The legal wrangle in Sydney highlighted the ongoing global fallout from the April 2020 demise of Phoenix, a sprawling conglomerate which reportedly owed more than US$1bn to creditors when it was said to have been sunk by hedging transactions that went awry.

The decision may embolden other financiers turning to courts to enforce trade credit claims filed with BCC and other insurers following the market volatility in 2020, which saw several traders collapse, some amid allegations of fraud. BCC is also embroiled in ongoing court battles stemming from the collapse of supply chain finance provider Greensill.

 

Two out of three

Much like in the original Supreme Court decision, much of the appellate judges’ attention focused on the definitions contained in the insurance policy – brokered by Ed Broking’s Singapore branch – particularly whether the existence of an “advance payment” mean that Phoenix’s debt obligation and its role as guarantor were not engaged.

“The loss that the insured suffered by reason of its inability to enforce the counterparty’s [Phoenix’s] contractual obligation to pay the purchase price… was a loss against which the insured was covered by the policy,” Justice Robert Macfarlan found.

Similarly, Justice Richard Weeks White found that whatever the definition of “advanced payment”, “the [insurance] policy is engaged because the guarantor failed to honour its obligation to repay the payment advanced to [Phoenix] by Thera in accordance with the trade finance agreement as it was implemented in accordance with the proposal”.

Both judges also agreed with the Supreme Court that the policy was not voided because of the existence of sham contracts between Phoenix and the commodities traders it was purportedly buying agricultural commodities from.

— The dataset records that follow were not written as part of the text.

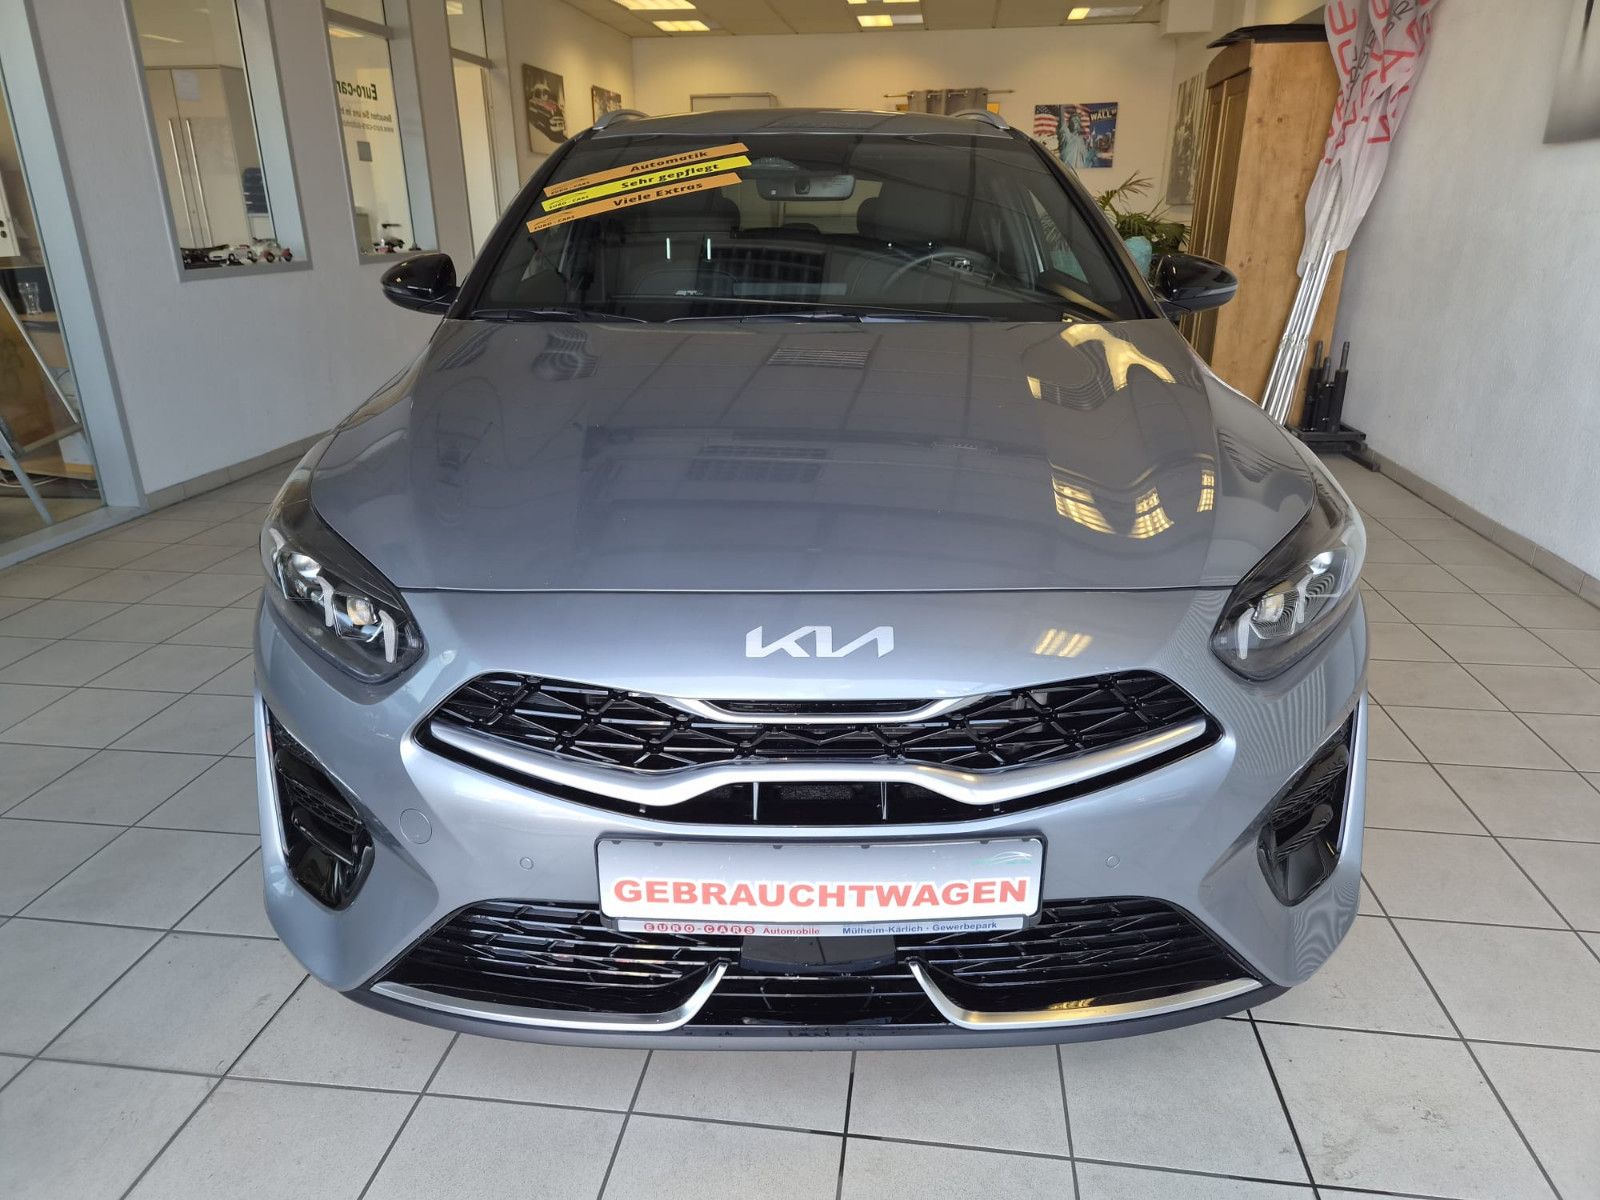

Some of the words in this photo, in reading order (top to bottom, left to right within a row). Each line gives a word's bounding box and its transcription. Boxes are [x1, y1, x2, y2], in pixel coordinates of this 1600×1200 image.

[1090, 109, 1112, 121] WALL
[630, 151, 708, 172] Automatik
[621, 175, 654, 189] Sehr
[658, 163, 720, 183] gepflegt
[613, 192, 651, 207] Viele
[656, 183, 703, 198] Extras
[745, 625, 895, 658] KIA
[613, 878, 1028, 909] GEBRAUCHTWAGEN
[763, 927, 820, 935] Automobile
[932, 921, 998, 933] Gewerbepark
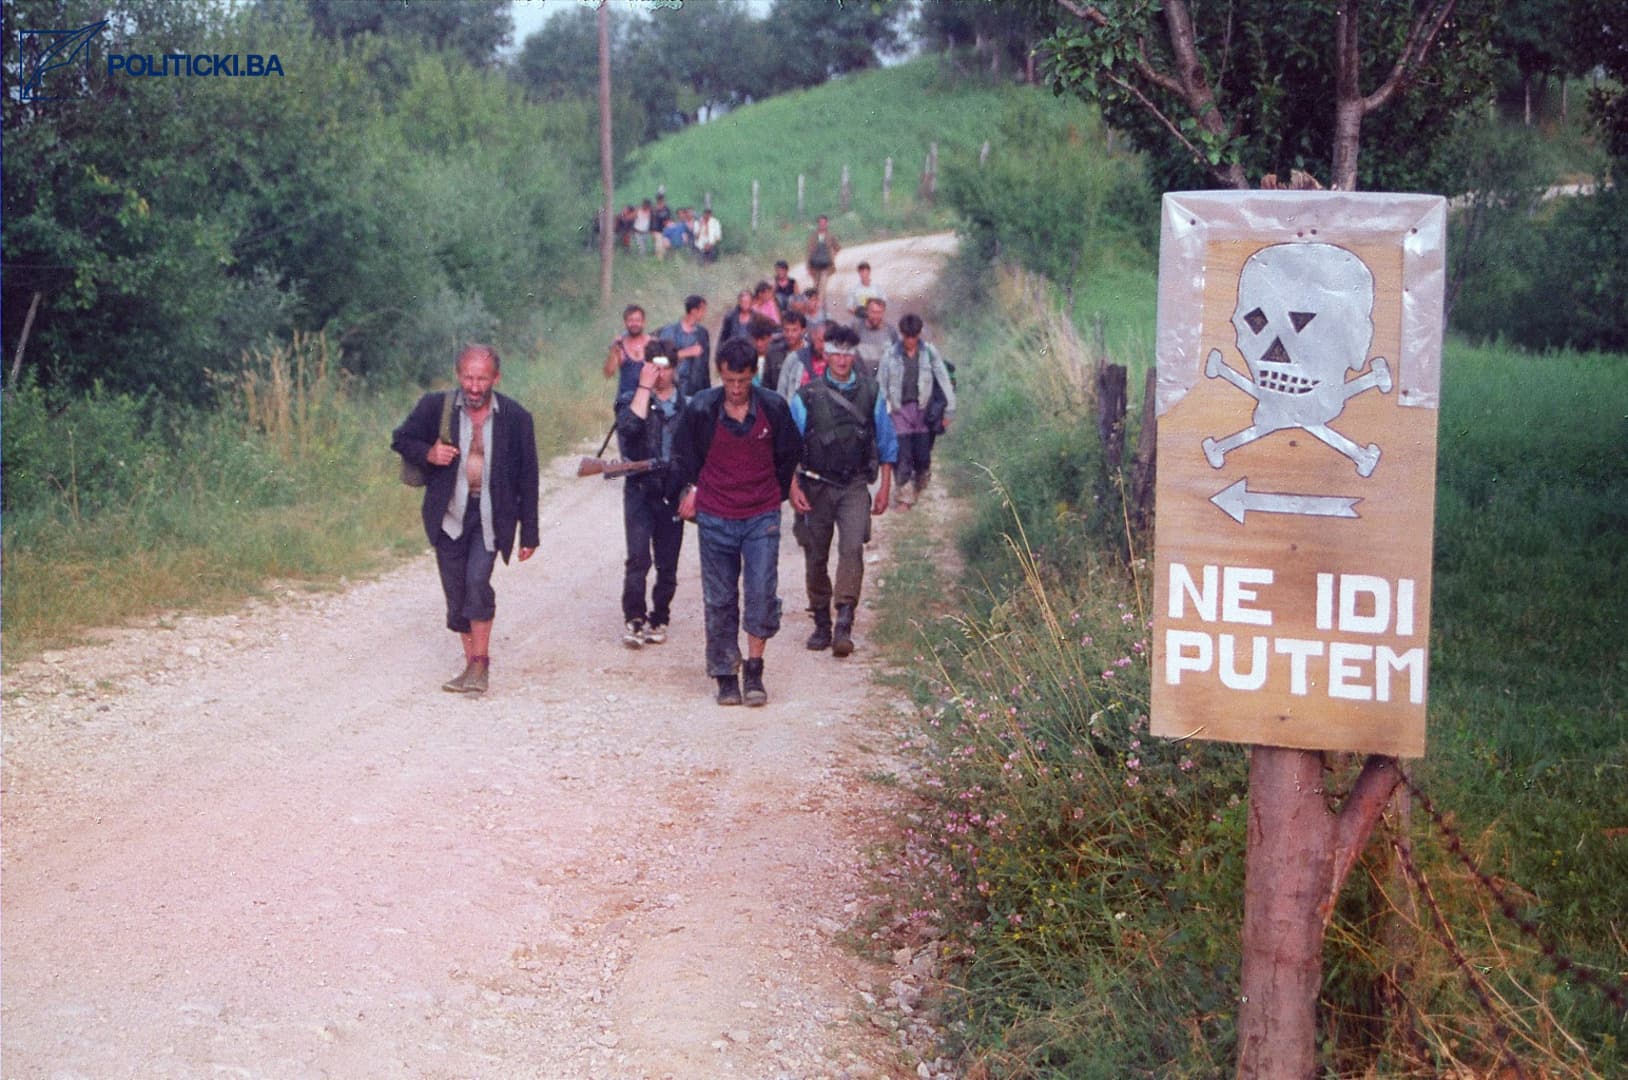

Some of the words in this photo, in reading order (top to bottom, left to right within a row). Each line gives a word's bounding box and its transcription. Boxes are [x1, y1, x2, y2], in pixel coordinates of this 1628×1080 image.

[1168, 563, 1274, 625] NE
[1316, 573, 1415, 636] IDI
[1165, 629, 1425, 704] PUTEM

Justice Macfarlan found: “It is not in my view significant that, without the knowledge of the insured, [Phoenix] created, or was a party to the creation of, false or sham documents purporting to record [Phoenix]’s acquisition of goods from third parties. In particular this did not affect the validity or enforceability by the insured of its contracts” with Phoenix.

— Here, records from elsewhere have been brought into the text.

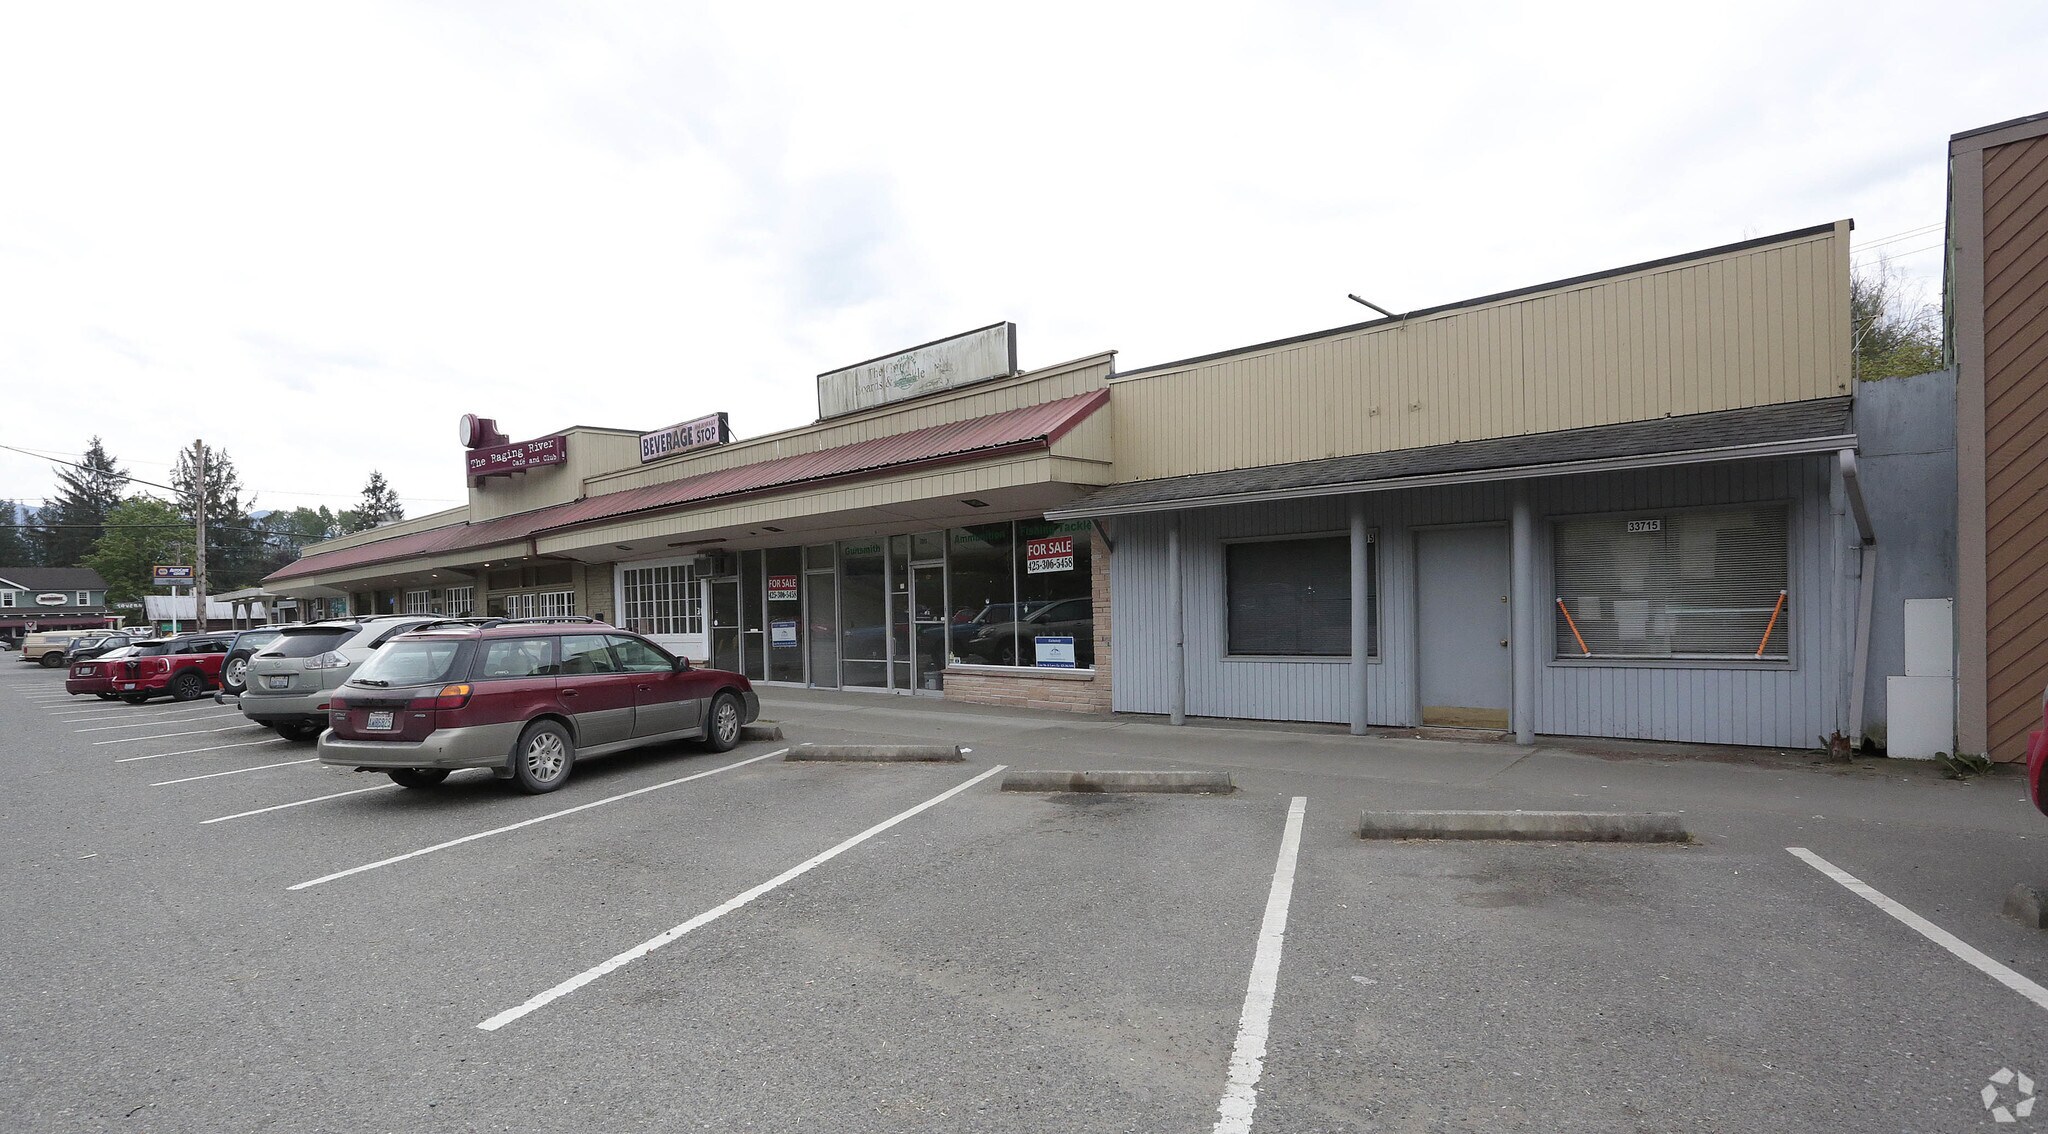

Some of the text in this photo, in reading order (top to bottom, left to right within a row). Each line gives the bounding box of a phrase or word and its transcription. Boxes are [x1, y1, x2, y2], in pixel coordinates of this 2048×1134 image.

[642, 426, 716, 457] BEVERAGE STOP
[470, 439, 554, 468] The Raging River
[543, 454, 557, 462] Club
[1059, 519, 1092, 532] Tackle
[1629, 521, 1658, 531] 33715
[845, 544, 880, 555] Gunsmith
[1028, 540, 1072, 556] FOR SALE
[1028, 557, 1073, 571] 425-306-5458
[768, 578, 797, 588] FOR SALE

In contrast the dissenting judge, Justice John Basten, said the court should quash the Supreme Court’s earlier decision in favour of Thera.

He found that because the transactions Thera and Phoenix ultimately undertook deviated widely from the structure envisaged in the documents provided to BCC, the “obligation upon which Phoenix defaulted was not an obligation created in accordance with the master agreement and therefore the default was not one to which the policy responded”.

BCC declined to comment on the Court of Appeal judgement. A spokesperson for Thera tells GTR the company “is satisfied with and unsurprised by the dismissal of the BCC appeal”.